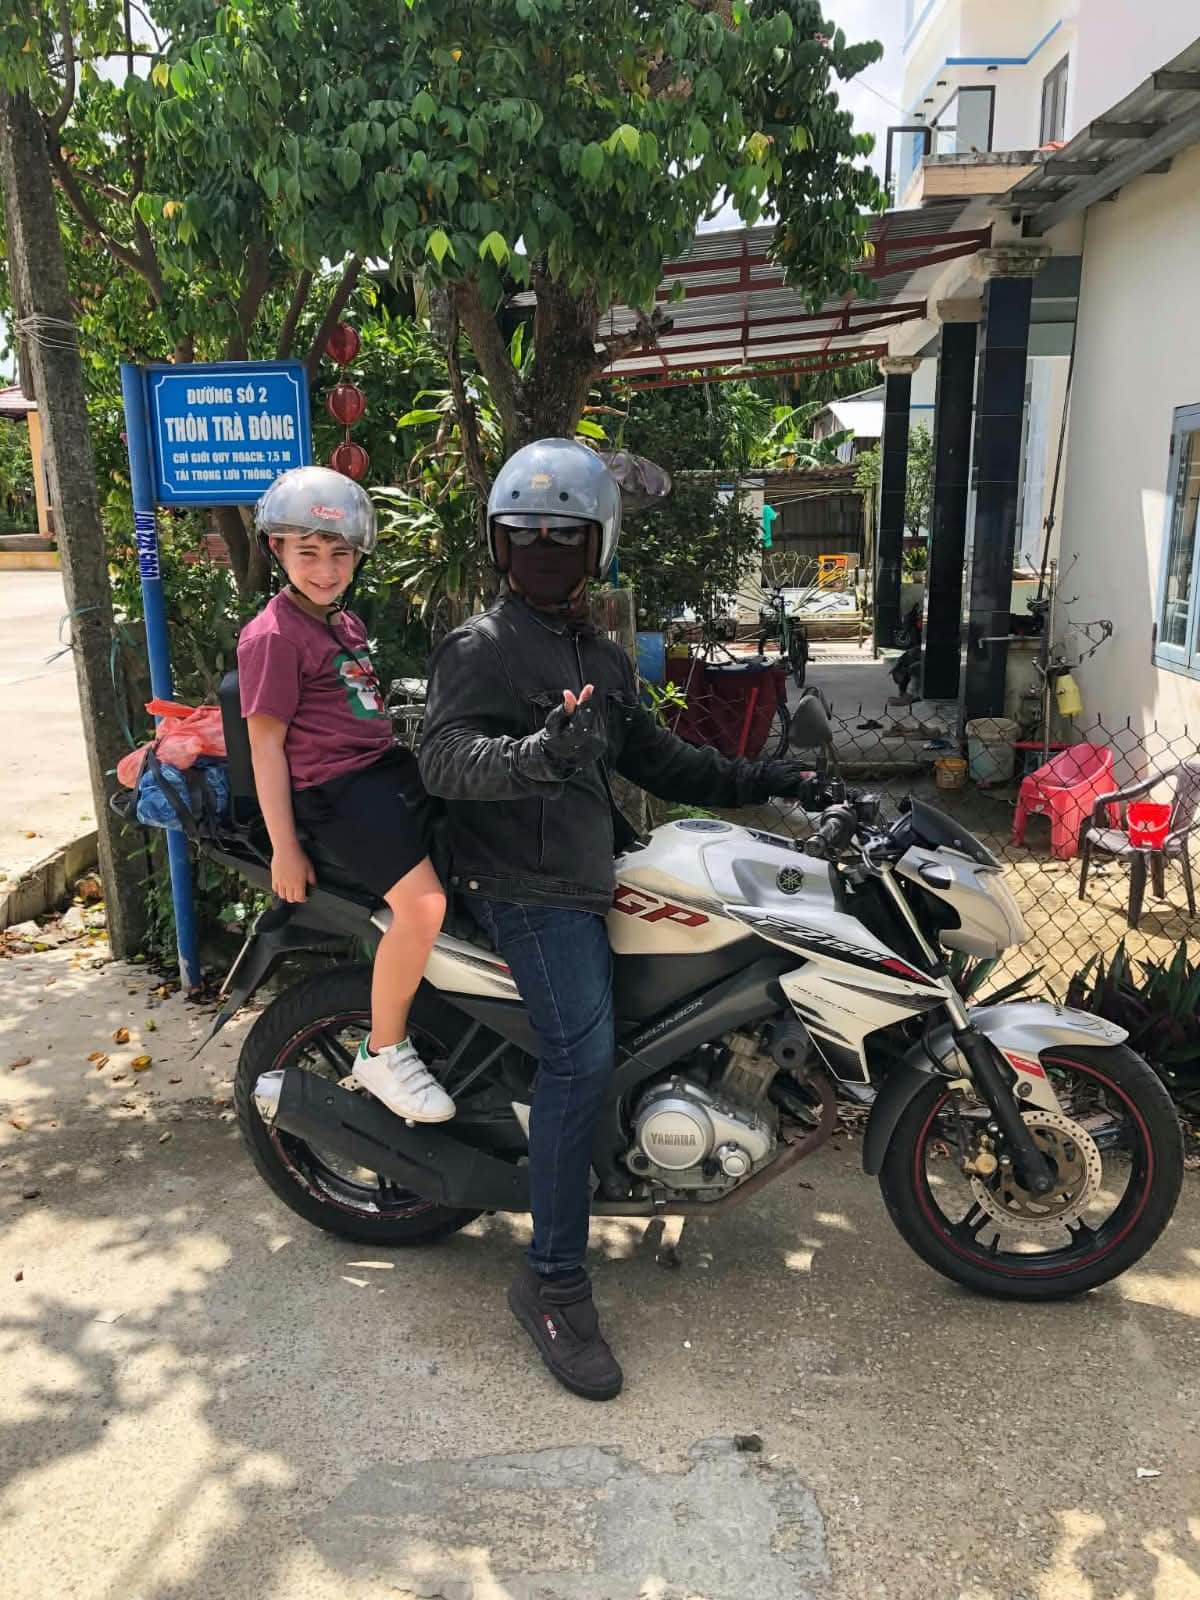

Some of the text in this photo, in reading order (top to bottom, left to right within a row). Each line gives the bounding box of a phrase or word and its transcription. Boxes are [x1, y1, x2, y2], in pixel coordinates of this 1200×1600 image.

[236, 382, 255, 404] SỐ
[258, 386, 268, 403] 2
[164, 410, 295, 442] THÔN TRÀ ĐÔNG
[212, 451, 230, 464] QUY
[191, 469, 222, 482] TRỌNG
[612, 883, 711, 928] GP
[751, 915, 892, 962] FZ150i
[650, 1132, 697, 1146] YAMAHA
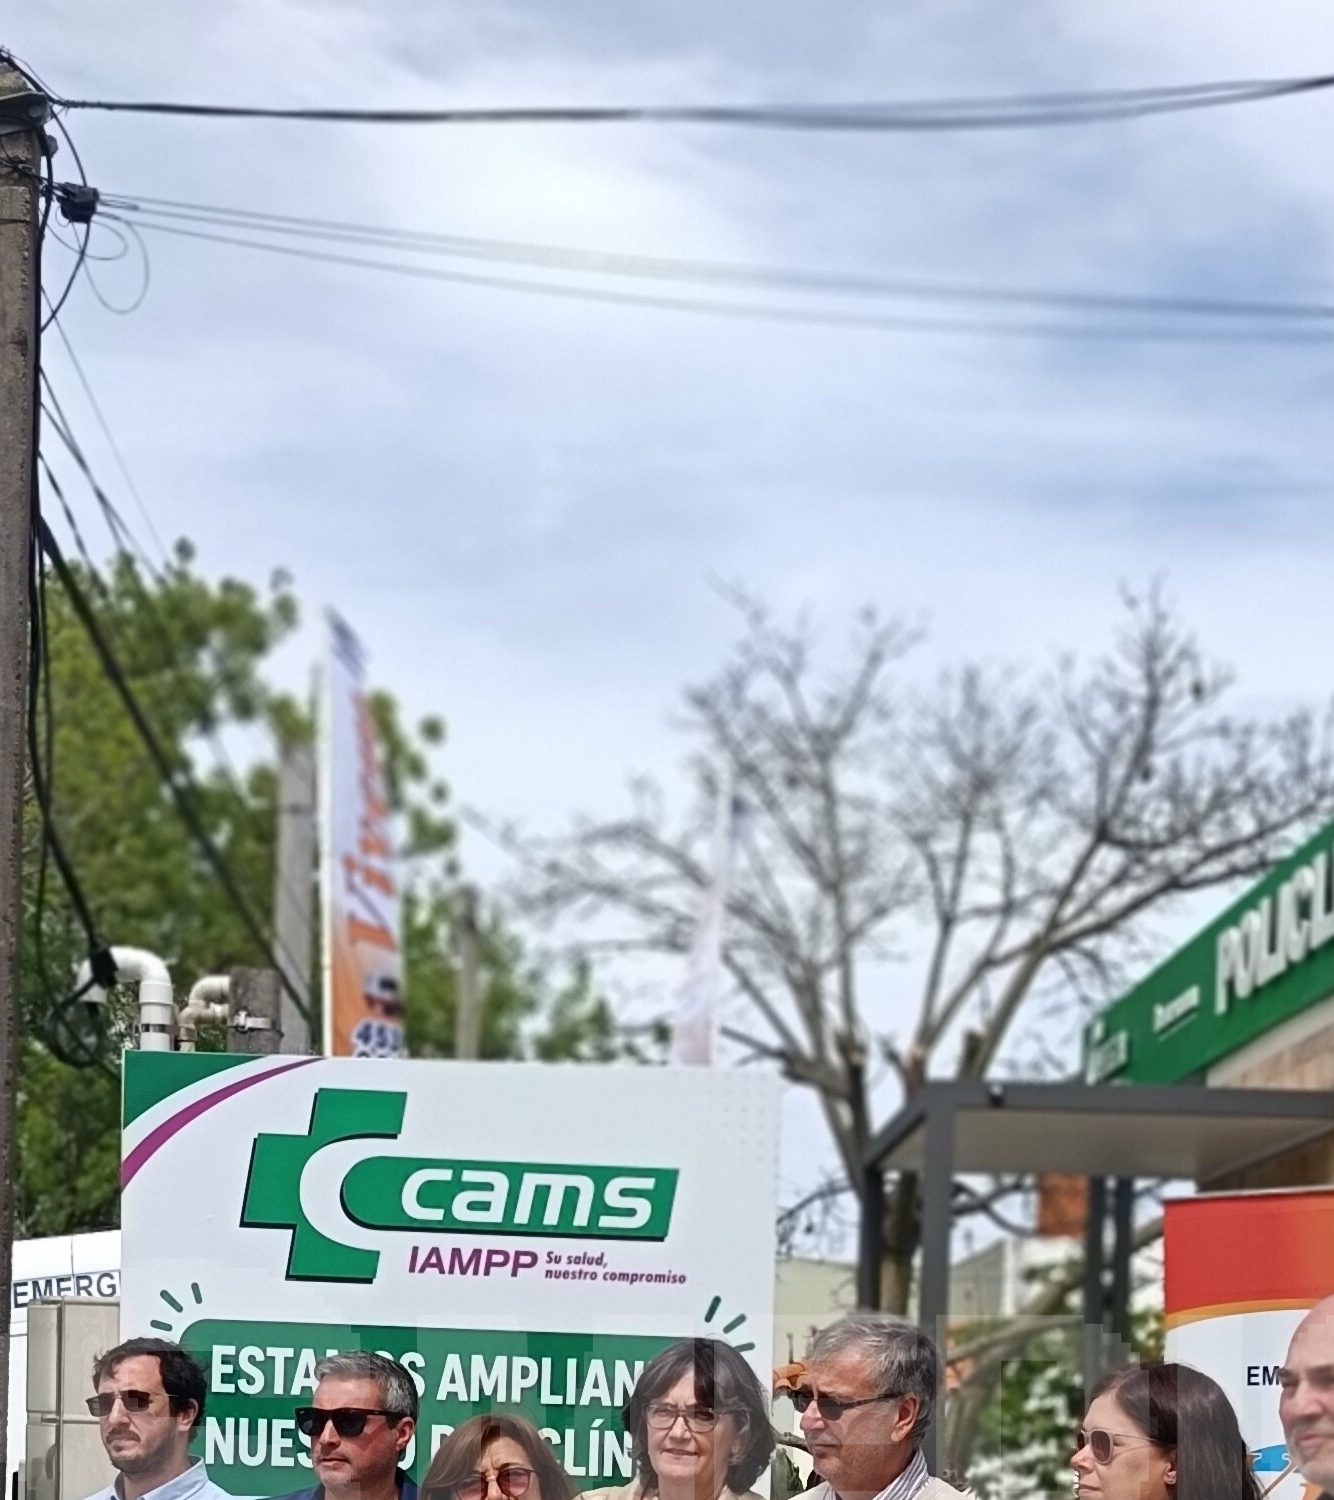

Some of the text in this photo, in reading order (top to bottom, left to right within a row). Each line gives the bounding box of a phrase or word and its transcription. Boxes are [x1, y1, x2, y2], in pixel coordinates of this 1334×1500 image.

[401, 1168, 656, 1229] cams
[408, 1246, 538, 1278] IAMPP
[544, 1251, 609, 1268] Su salud,
[544, 1268, 687, 1285] nuestro compromiso
[211, 1344, 653, 1407] ESTAS AMPLIAN

▸ Work task
Repeat the records word for word. Any picture in them should be left out.

▸ Reply to the task
Some of the text in this photo, in reading order (top to bottom, left to right within a row). Each line gives the bounding box of a phrase or word and its transcription. Boxes are [x1, y1, x2, y2], in pixel coordinates of this 1200×1600 image.

[236, 382, 255, 404] SỐ
[258, 386, 268, 403] 2
[164, 410, 295, 442] THÔN TRÀ ĐÔNG
[212, 451, 230, 464] QUY
[191, 469, 222, 482] TRỌNG
[612, 883, 711, 928] GP
[751, 915, 892, 962] FZ150i
[650, 1132, 697, 1146] YAMAHA

Some of the text in this photo, in reading order (top to bottom, left to right within a row). Each line gives the bounding box of a phrase or word and its transcription. Boxes are [x1, y1, x2, y2], in pixel coordinates of this 1334×1500 image.

[401, 1168, 656, 1229] cams
[408, 1246, 538, 1278] IAMPP
[544, 1251, 609, 1268] Su salud,
[544, 1268, 687, 1285] nuestro compromiso
[211, 1344, 653, 1407] ESTAS AMPLIAN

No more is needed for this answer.